Activity:
In your copy, each line below is repeated exactly and no image appears.

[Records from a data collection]
_____
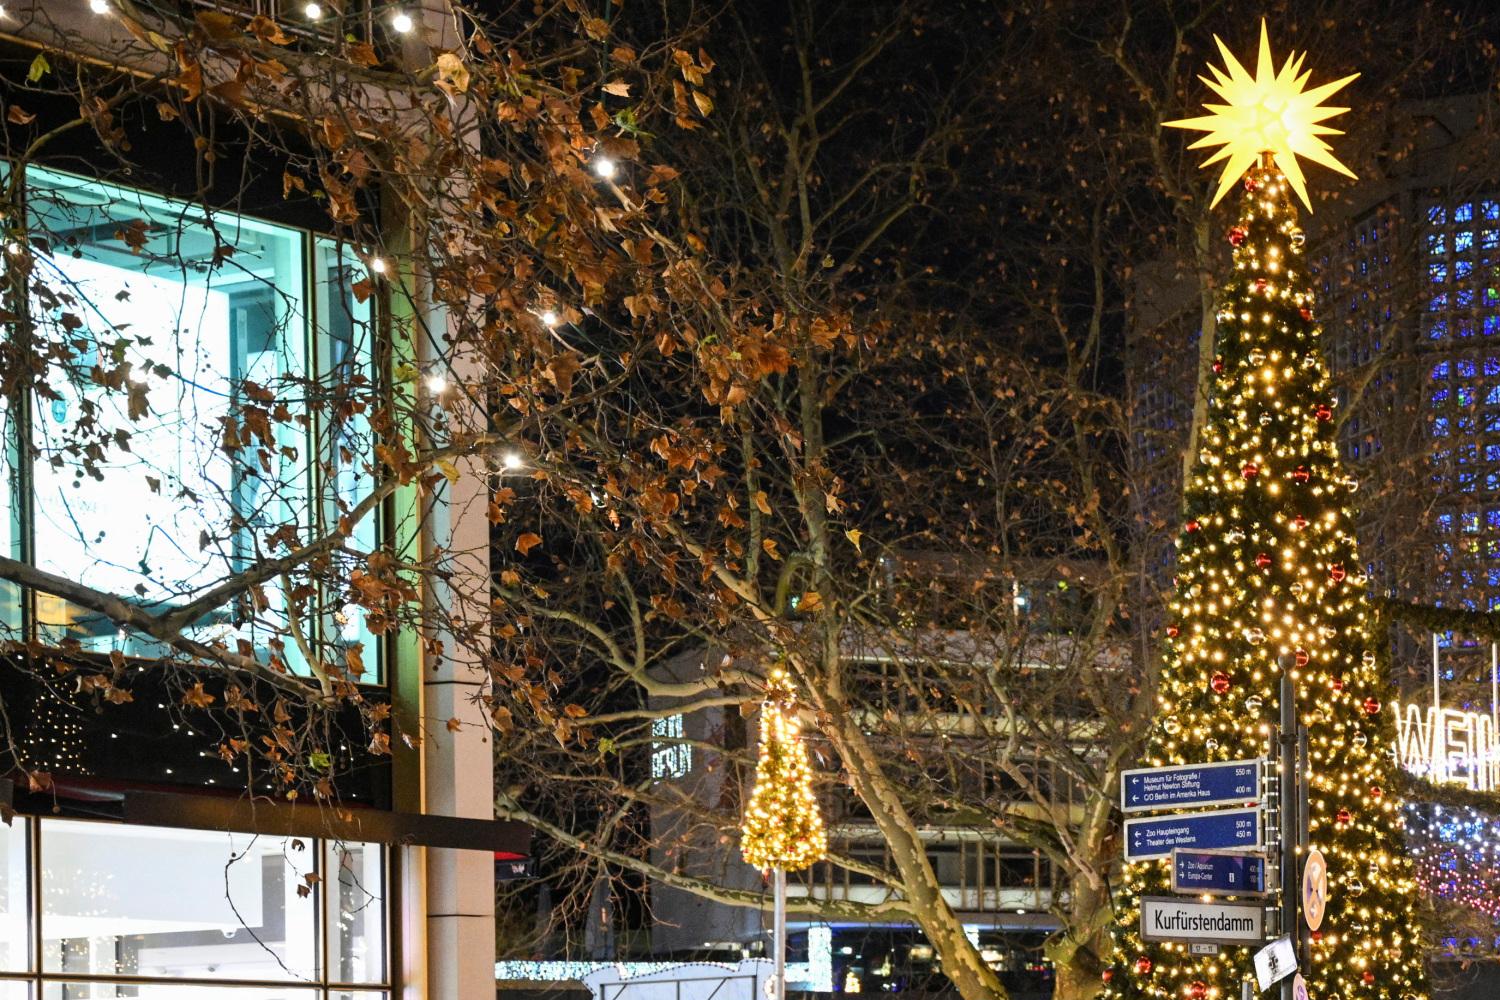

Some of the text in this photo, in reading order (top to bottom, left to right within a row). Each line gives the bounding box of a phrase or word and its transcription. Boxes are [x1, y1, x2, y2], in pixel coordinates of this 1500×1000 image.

[1144, 776, 1165, 784] Museum
[1173, 773, 1198, 783] Fotografie
[1144, 780, 1200, 792] Helmut Newton Stiftung
[1155, 792, 1169, 801] Berlin
[1169, 791, 1176, 799] im
[1176, 790, 1197, 799] Amerika
[1198, 789, 1211, 797] Haus
[1235, 786, 1246, 794] 400
[1146, 829, 1156, 837] Zoo
[1156, 826, 1190, 837] Haupteingang
[1236, 820, 1246, 828] 500
[1147, 838, 1165, 847] Theater
[1165, 837, 1175, 845] des
[1175, 835, 1196, 844] Westens
[1155, 909, 1254, 932] Kurfürstendamm
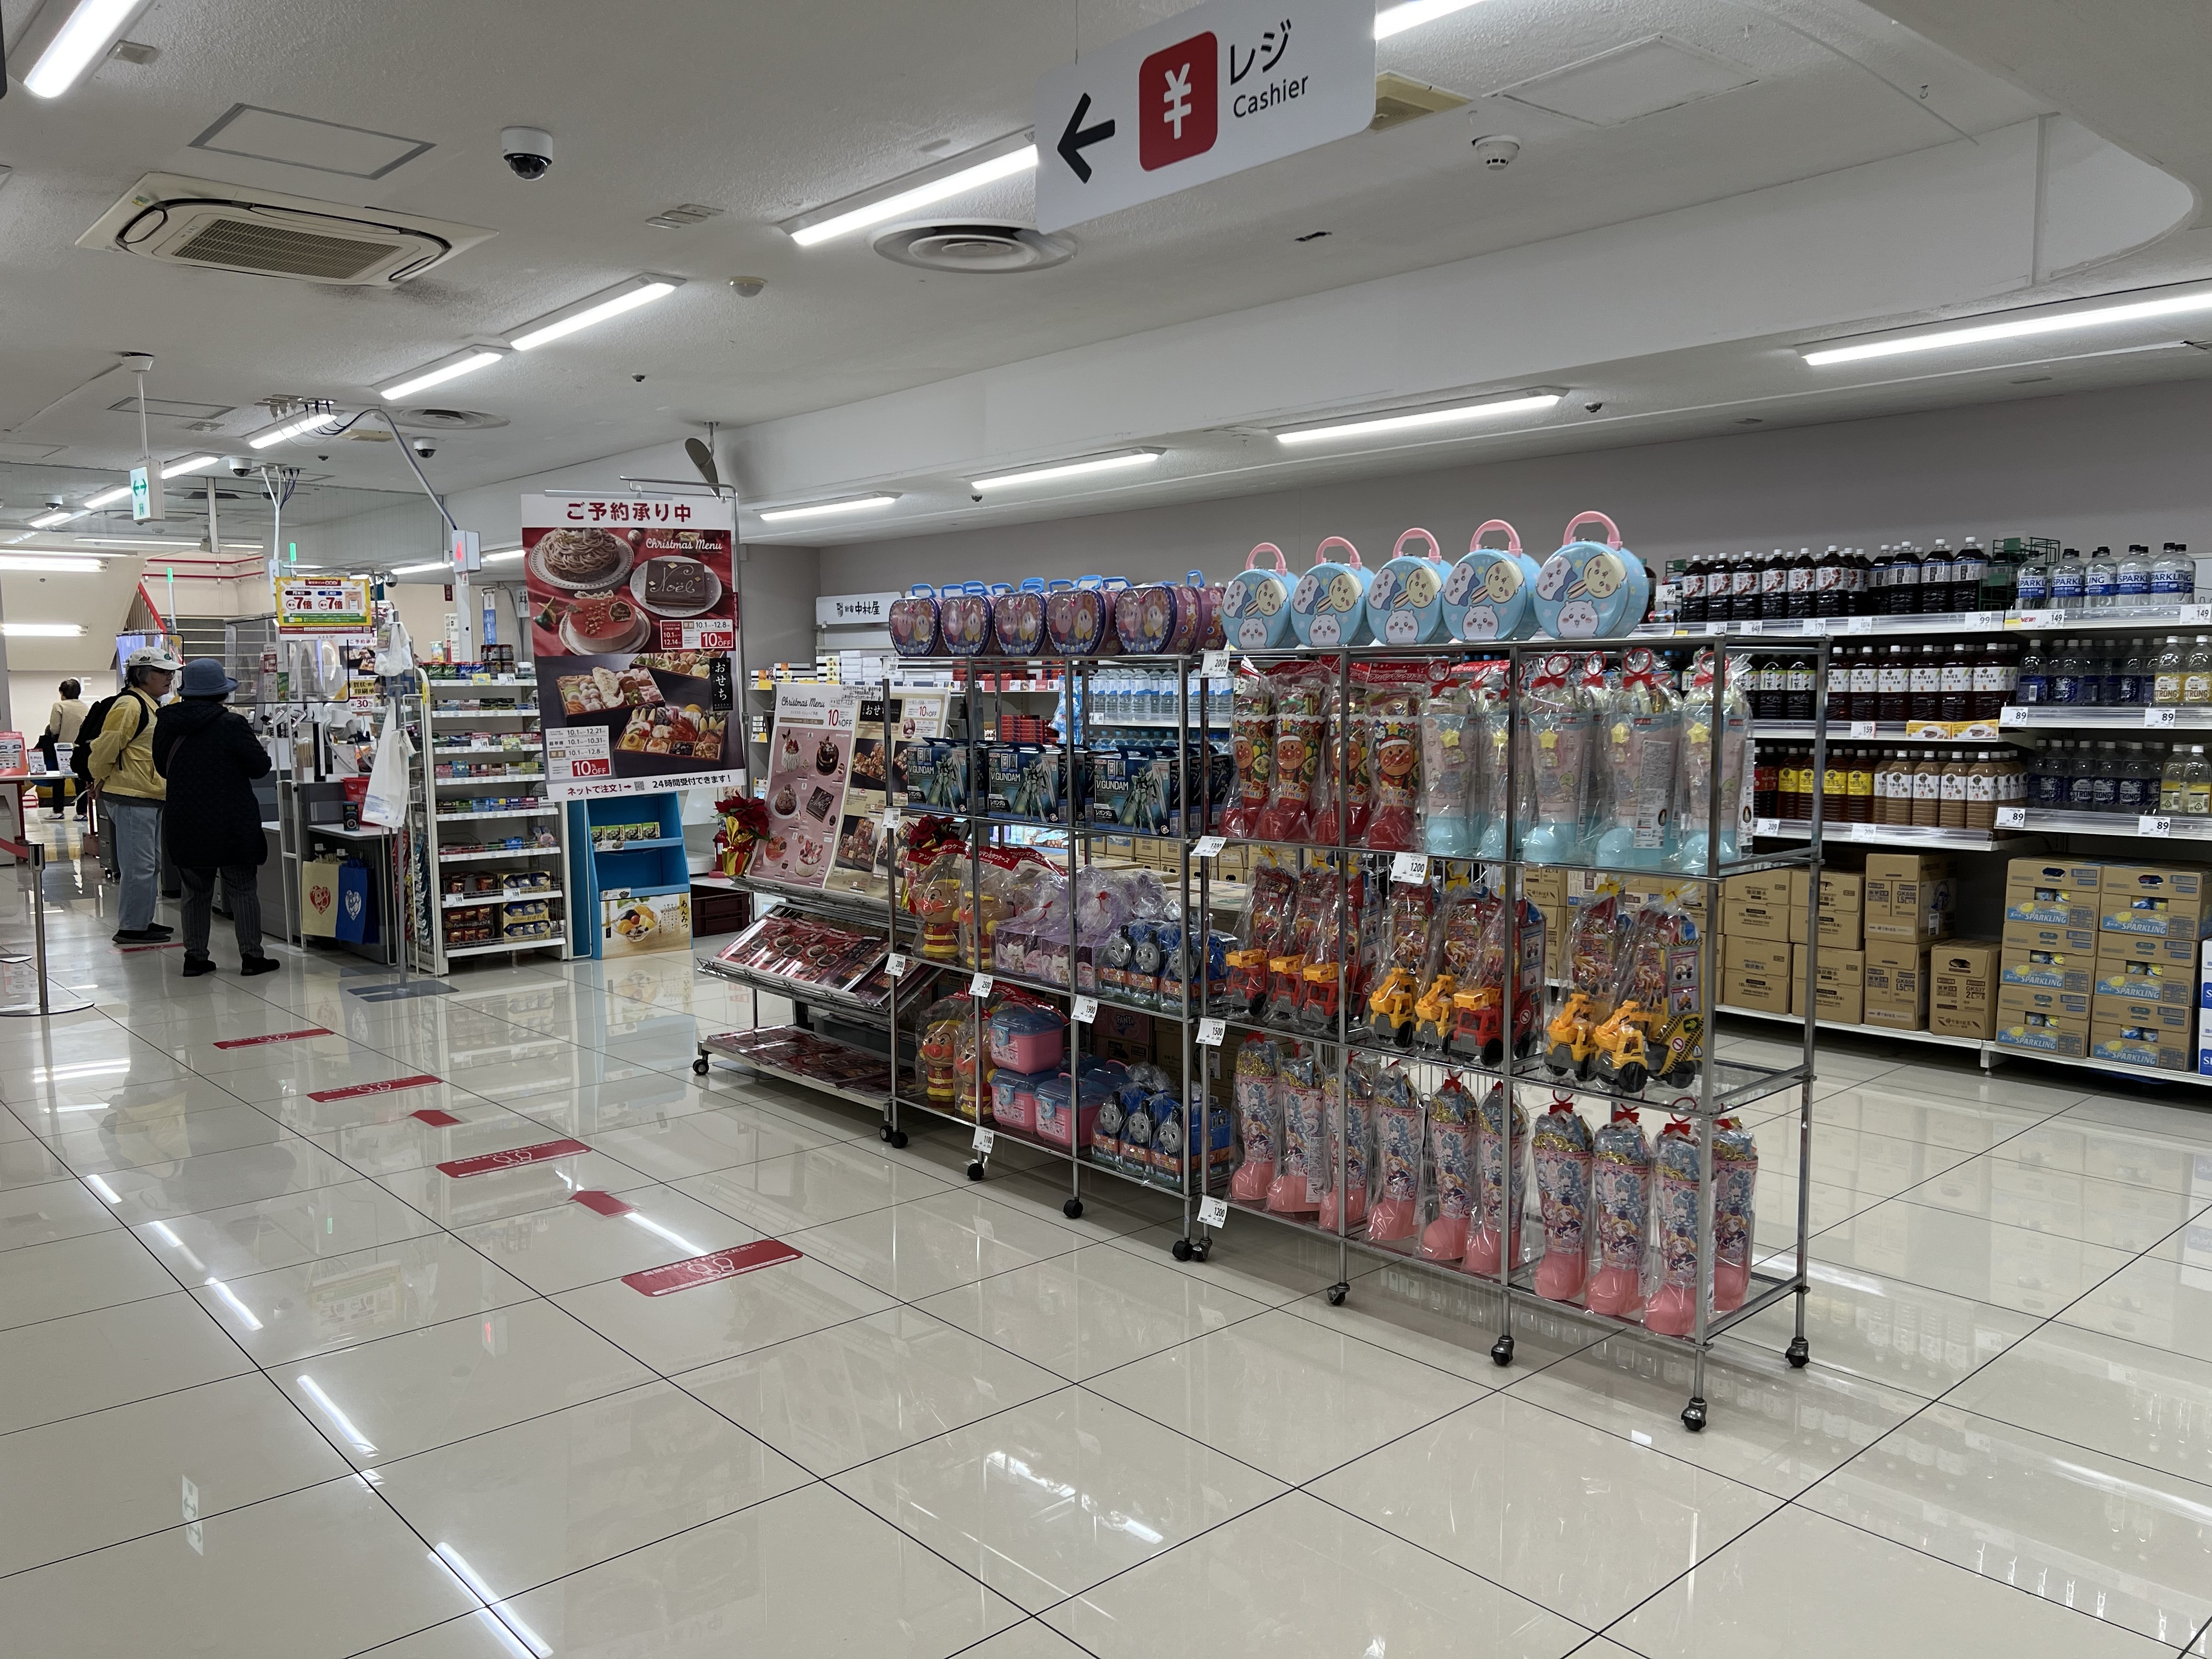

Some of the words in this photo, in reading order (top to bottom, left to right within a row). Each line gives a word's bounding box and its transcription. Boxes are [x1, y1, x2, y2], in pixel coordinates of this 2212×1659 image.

[1229, 19, 1292, 86] レジ
[1233, 76, 1309, 119] Cashier
[566, 501, 691, 522] ご予約承り中
[646, 538, 693, 550] Christmas
[695, 539, 723, 550] Menu
[2051, 614, 2062, 622] 149
[2197, 610, 2209, 618] 149
[1215, 659, 1227, 667] 2000
[715, 662, 727, 701] おせち
[781, 696, 808, 707] Christmas
[809, 698, 825, 708] Menu
[865, 704, 884, 716] おせ
[652, 775, 731, 789] 24時間受付できます!
[567, 783, 623, 796] ネットで注文!
[2012, 812, 2024, 821] 89
[2157, 821, 2169, 830] 89
[1410, 862, 1425, 873] 1200
[680, 900, 689, 929] あんみつ
[2024, 912, 2067, 924] SPARKLING
[2121, 922, 2166, 935] SPARKLING
[895, 960, 904, 968] 2000
[2019, 975, 2062, 988] SPARKLING
[2115, 986, 2159, 999] SPARKLING
[1086, 1005, 1096, 1014] 1900
[1212, 1026, 1223, 1036] 1500
[2014, 1037, 2056, 1049] SPARKLING
[2112, 1051, 2157, 1064] SPARKLING
[984, 1135, 992, 1144] 1100
[1214, 1207, 1225, 1217] 1200
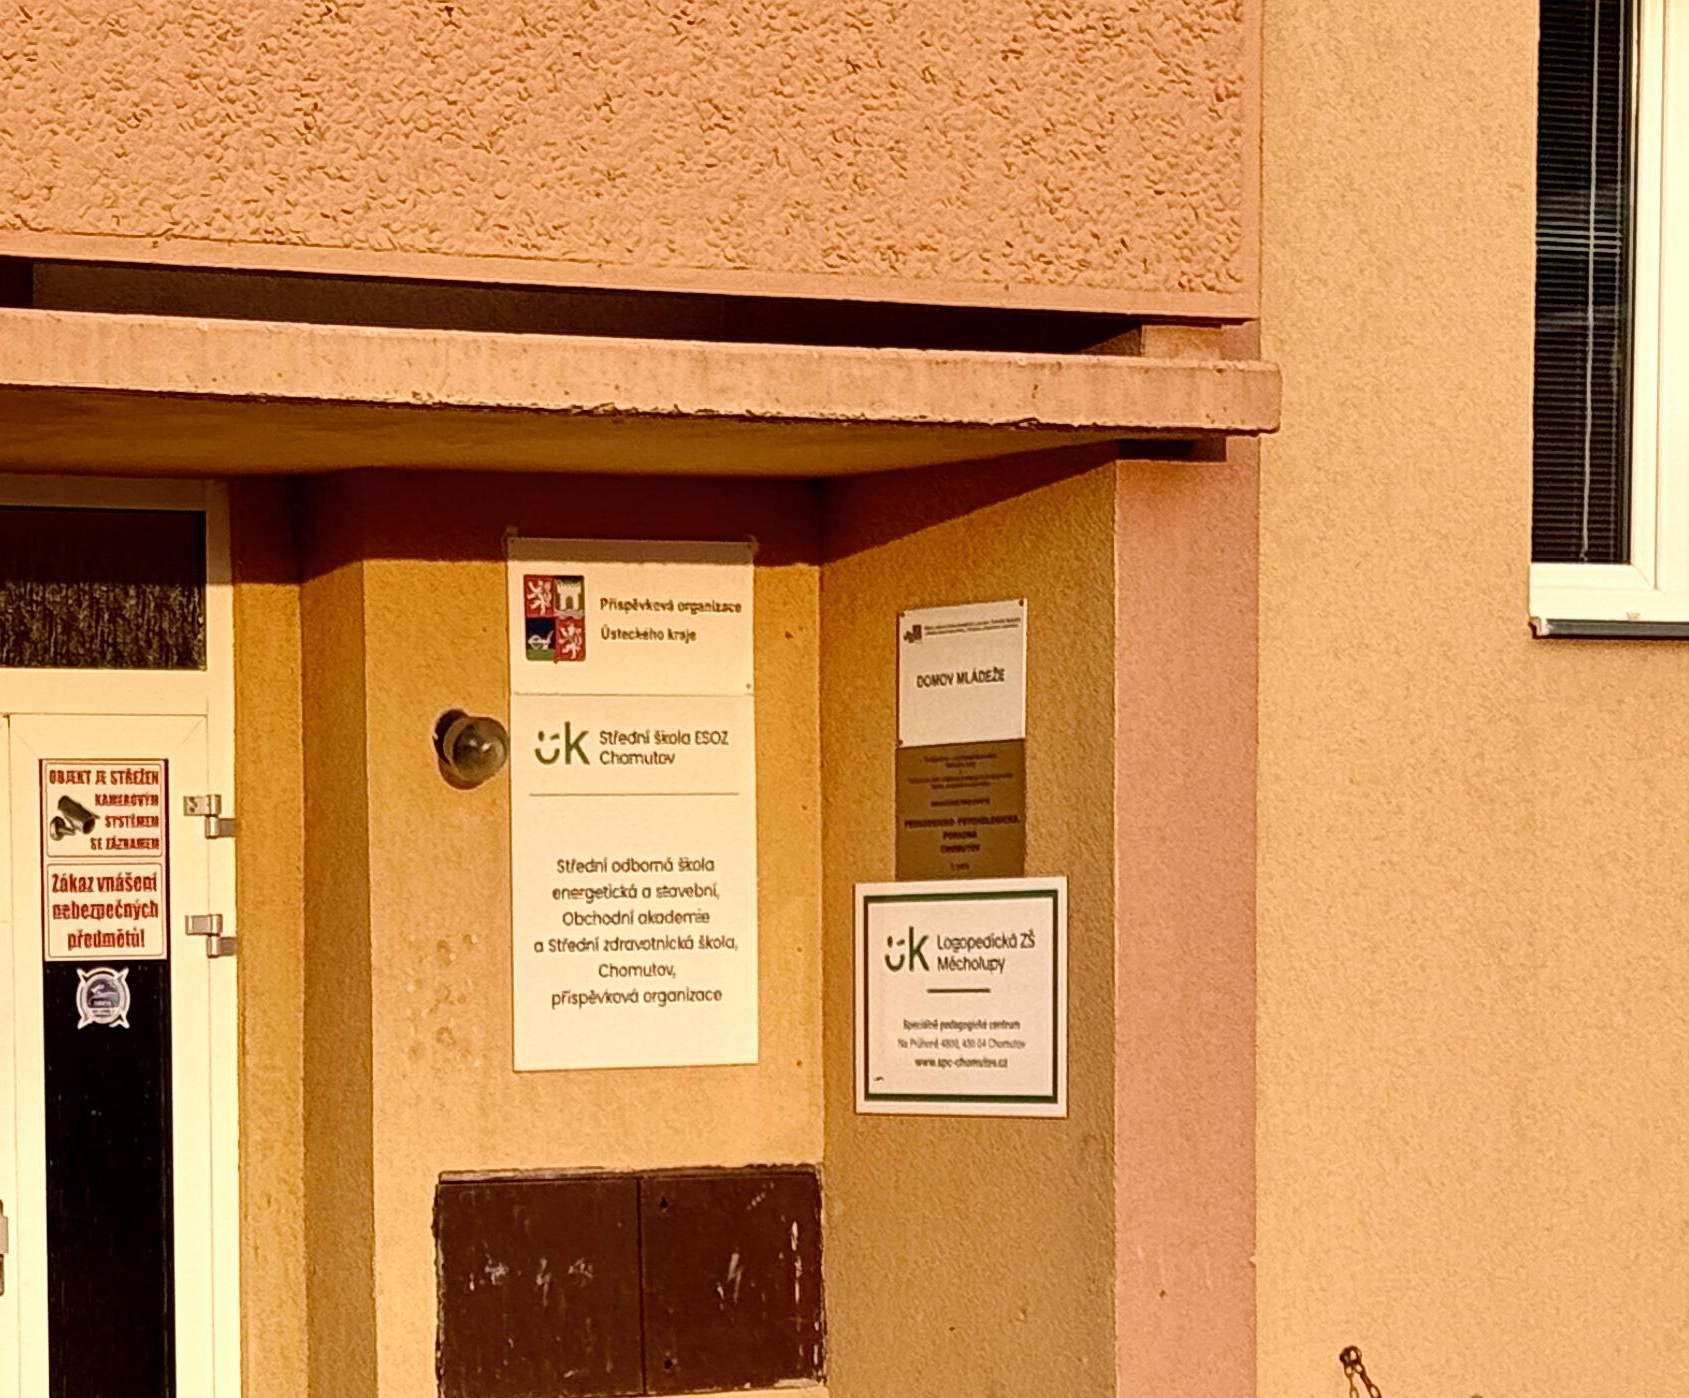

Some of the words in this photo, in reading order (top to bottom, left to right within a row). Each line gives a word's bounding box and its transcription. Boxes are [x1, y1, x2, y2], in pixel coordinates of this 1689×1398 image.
_____
Task result:
Some of the text in this photo, in reading order (top to bottom, left to right within a row). Each line gives the bounding box of a phrase or word and its transcription. Boxes are [x1, y1, x2, y2], in pixel coordinates of this 1500×1000 image.

[1144, 776, 1165, 784] Museum
[1173, 773, 1198, 783] Fotografie
[1144, 780, 1200, 792] Helmut Newton Stiftung
[1155, 792, 1169, 801] Berlin
[1169, 791, 1176, 799] im
[1176, 790, 1197, 799] Amerika
[1198, 789, 1211, 797] Haus
[1235, 786, 1246, 794] 400
[1146, 829, 1156, 837] Zoo
[1156, 826, 1190, 837] Haupteingang
[1236, 820, 1246, 828] 500
[1147, 838, 1165, 847] Theater
[1165, 837, 1175, 845] des
[1175, 835, 1196, 844] Westens
[1155, 909, 1254, 932] Kurfürstendamm

Some of the words in this photo, in reading order (top to bottom, left to right within a row). Each line gives a word's bounding box and its transcription. Boxes are [x1, y1, x2, y2], in pixel coordinates of this 2212×1659 image.

[1229, 19, 1292, 86] レジ
[1233, 76, 1309, 119] Cashier
[566, 501, 691, 522] ご予約承り中
[646, 538, 693, 550] Christmas
[695, 539, 723, 550] Menu
[2051, 614, 2062, 622] 149
[2197, 610, 2209, 618] 149
[1215, 659, 1227, 667] 2000
[715, 662, 727, 701] おせち
[781, 696, 808, 707] Christmas
[809, 698, 825, 708] Menu
[865, 704, 884, 716] おせ
[652, 775, 731, 789] 24時間受付できます!
[567, 783, 623, 796] ネットで注文!
[2012, 812, 2024, 821] 89
[2157, 821, 2169, 830] 89
[1410, 862, 1425, 873] 1200
[680, 900, 689, 929] あんみつ
[2024, 912, 2067, 924] SPARKLING
[2121, 922, 2166, 935] SPARKLING
[895, 960, 904, 968] 2000
[2019, 975, 2062, 988] SPARKLING
[2115, 986, 2159, 999] SPARKLING
[1086, 1005, 1096, 1014] 1900
[1212, 1026, 1223, 1036] 1500
[2014, 1037, 2056, 1049] SPARKLING
[2112, 1051, 2157, 1064] SPARKLING
[984, 1135, 992, 1144] 1100
[1214, 1207, 1225, 1217] 1200

Some of the words in this photo, in reading order (top to bottom, left to right within a row). Each line gives a word's bounding box and its transcription. Boxes are [x1, y1, x2, y2], in pixel coordinates of this 1689×1398 image.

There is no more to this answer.